Nursing school with high school diploma: thinking about expansion
Nursing staff are currently desperately needed – which is why nursing training was set up in the Multiaugustinum two years ago. In the five-year school with high school diploma, the young people are trained to become nursing assistants.
In the second grade there are 14 students – including 16-year-old Jennifer Gruber from Mariapfarr: “I just really like helping people. And I just always knew that I would go into nursing. My goal would be to finish school in three years, to get my high school diploma. Then I would like to have a bachelor’s degree – also a qualified nurse. And then I think about studying medicine.” 15-year-old Karla Zidaru from Mauterndorf also emphasizes “that you learn a lot and do a lot of practical work at school.”
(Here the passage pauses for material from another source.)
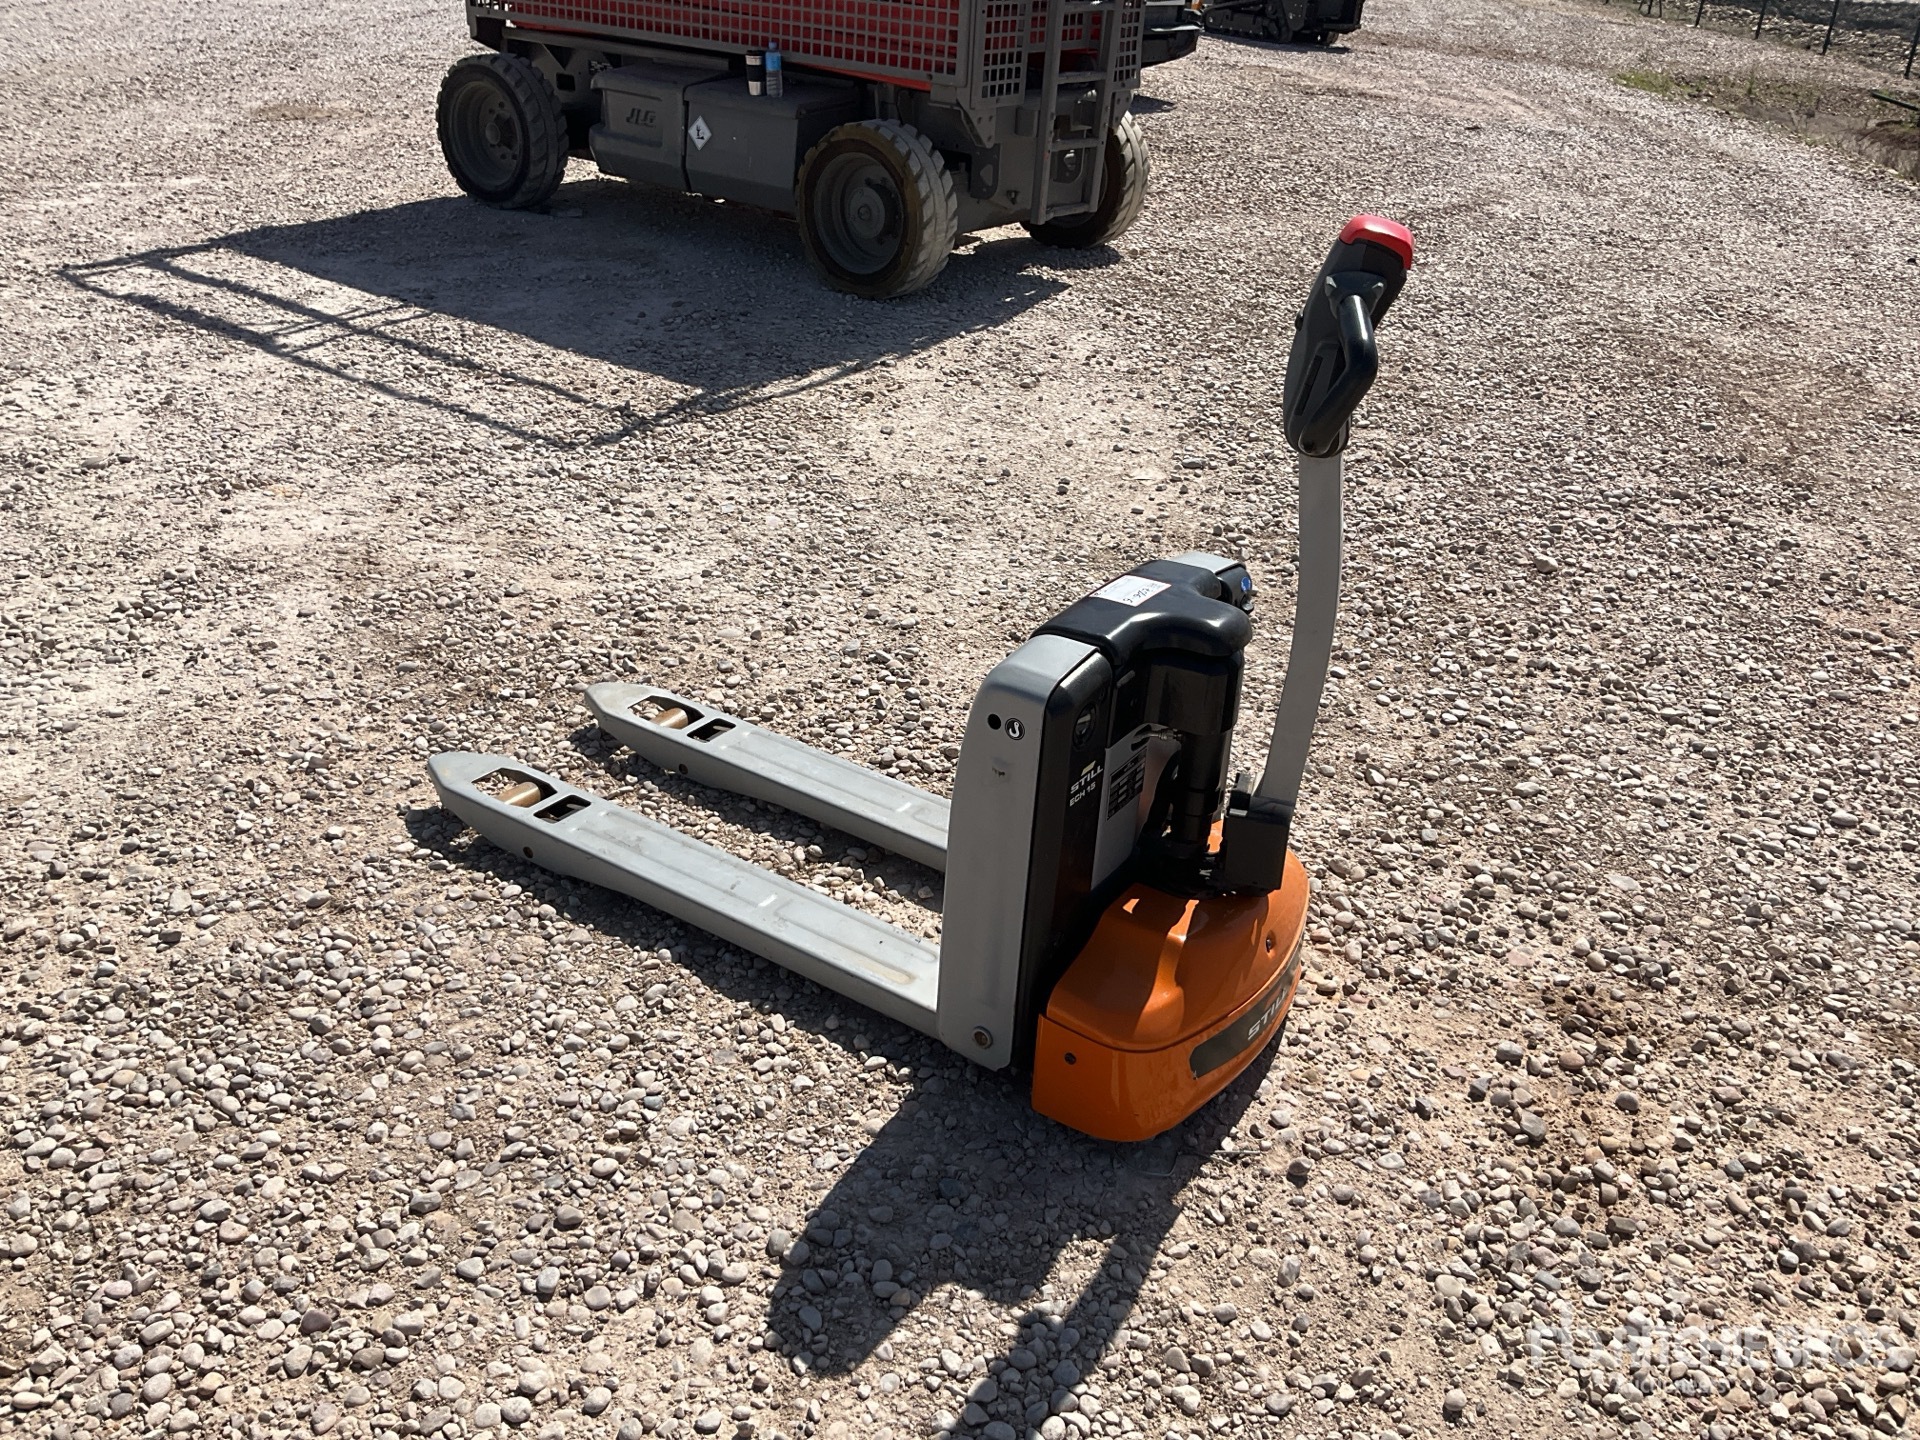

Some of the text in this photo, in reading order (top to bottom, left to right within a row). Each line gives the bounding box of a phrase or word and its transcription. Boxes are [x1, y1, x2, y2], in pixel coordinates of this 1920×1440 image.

[626, 108, 656, 125] JLG
[1070, 765, 1103, 794] STILL
[1069, 781, 1096, 807] ECH 15
[1248, 988, 1288, 1041] STILL
Professionals gently introduce the topic
The total of 34 students in the previous two years of the nursing school are carefully introduced to the topic – by professionals from the field such as Silvia Kues, teacher at the health and nursing school of the Salzburg State Clinics (SALK): “The motivation was on A bit inhibited at the beginning,” she says. “But now that it’s entered the nursing departments, they’re highly motivated. They work great, got a real kick out of being able to work on the care bed or in the internships.”
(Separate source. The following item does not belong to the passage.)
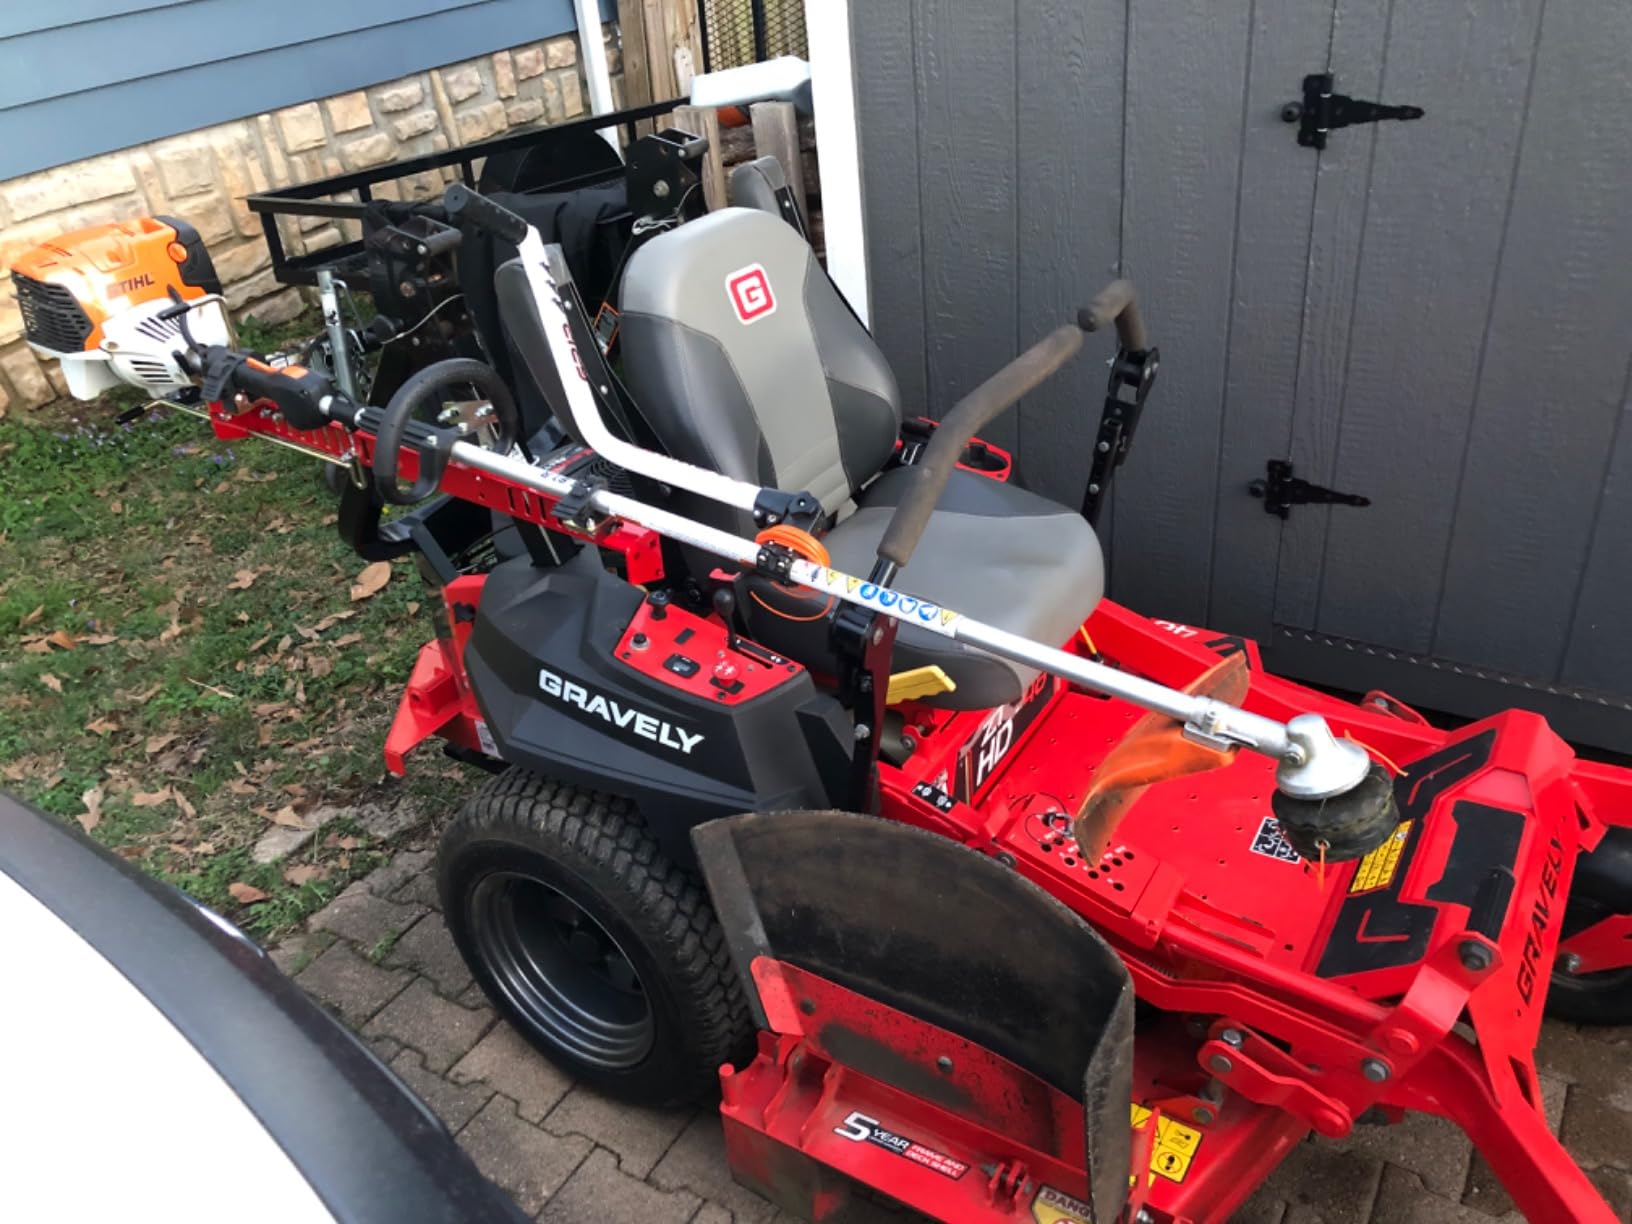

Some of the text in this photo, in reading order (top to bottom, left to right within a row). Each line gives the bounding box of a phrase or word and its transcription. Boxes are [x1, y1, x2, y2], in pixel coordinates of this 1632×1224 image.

Teacher Lisa Grabendorfer from the SALK Nursing School thinks it’s “cool that my students have chosen this branch because it’s very important that we have young staff to follow. We’ve often been thrown in at the deep end – thank God that doesn’t happen to them.”
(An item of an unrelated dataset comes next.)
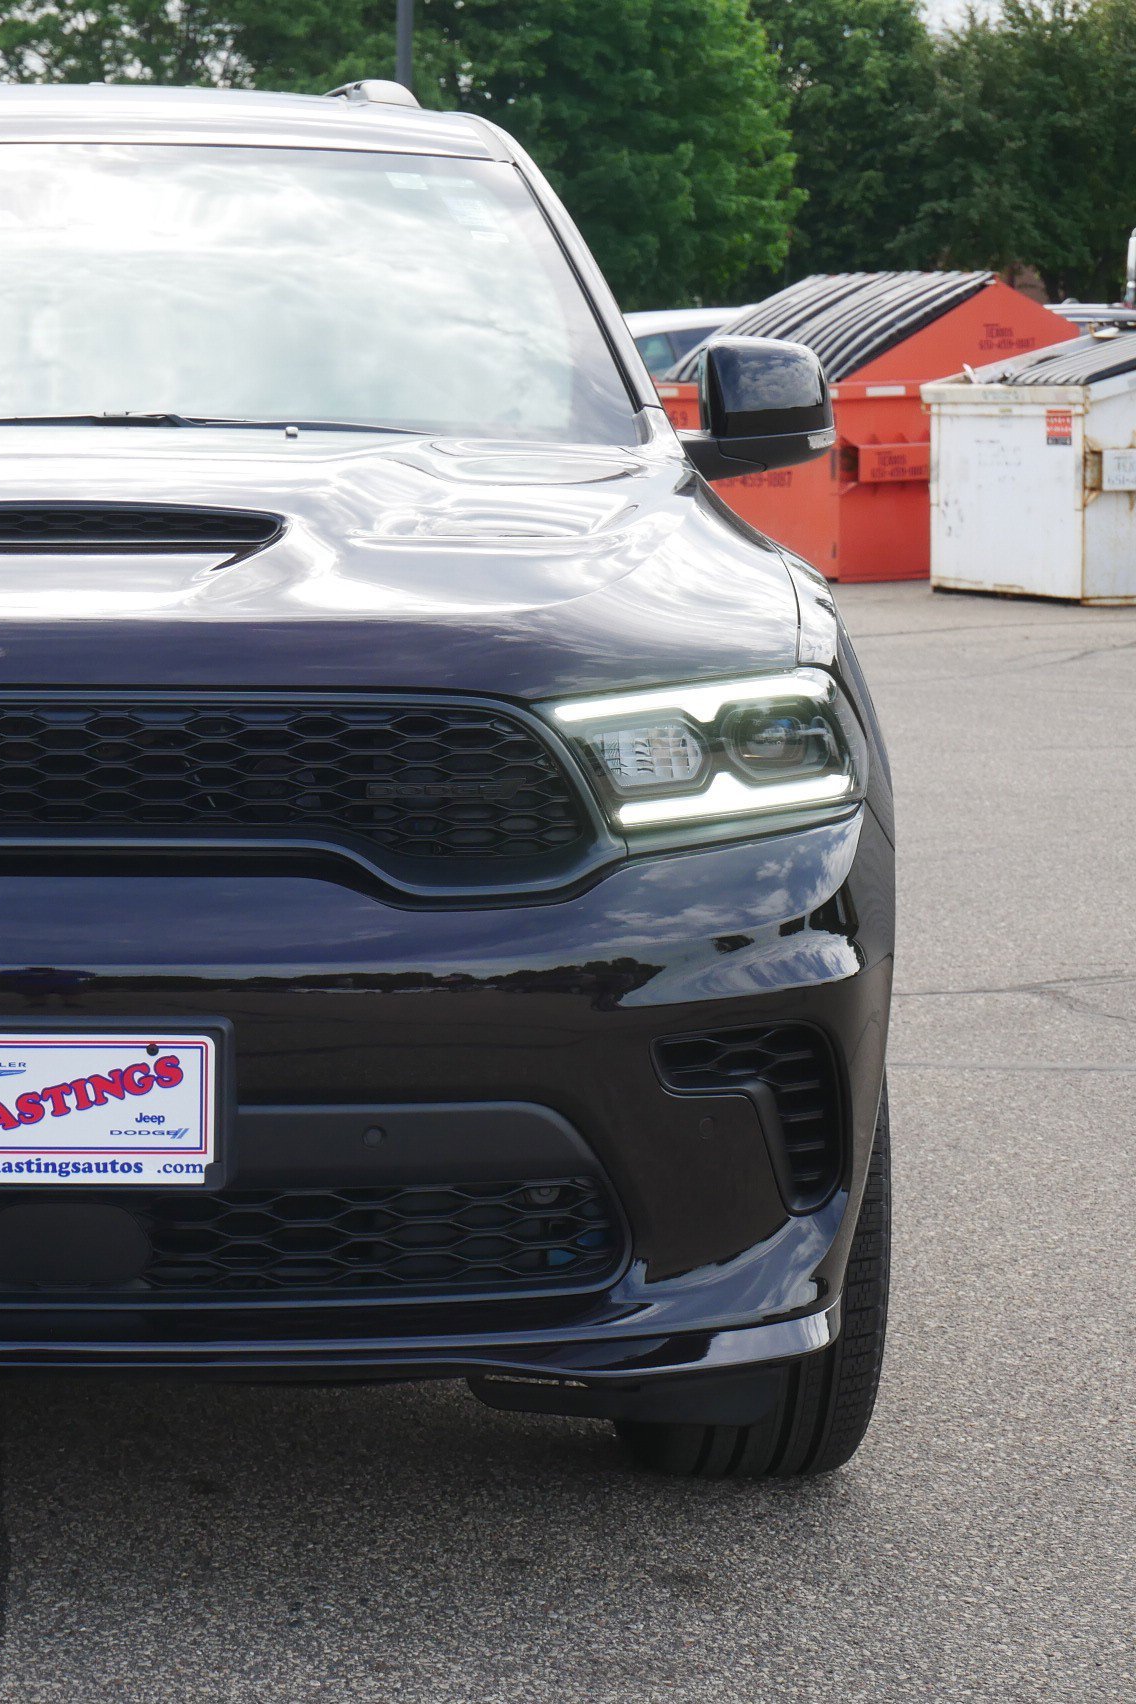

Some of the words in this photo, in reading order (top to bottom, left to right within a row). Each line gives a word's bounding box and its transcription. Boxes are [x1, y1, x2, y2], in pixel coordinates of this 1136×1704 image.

Nursing training with Matura in the Multiaugustinum
“We need these young people”
After graduating from high school, the students can work immediately in the hospital or retirement home, but they can also continue studying, says Brigitte Kößlbacher, deputy director of one of the SALK nursing schools: “We need these young people. And of course it’s our job to introduce people to the job in such a way that they don’t lose their enjoyment of it.” Through the training, the young people get an early insight into the reality of work, adds Kößlbacher: “Before they work at the bedside at the age of 17 are allowed to, they have already got to know institutions from the age of 14 and can thus already determine an orientation in which direction they would like to develop.”
Klaus Mittendorfer, Director of the Multiaugustinum, is proud of the nursing branch in his school: “We saw that the first students we have are people who are very social. They are basically very interested in the matter. Whether they go straight to work later on, continue studying nursing or maybe – as some people want – continue studying medicine, the important thing is: These students remain in the healthcare system as a whole. So the training makes a lot of sense.”
Thinking aloud about expansion
After the first two years, none of the 34 students dropped out. But there is still room for improvement and there is already talk of expanding the school.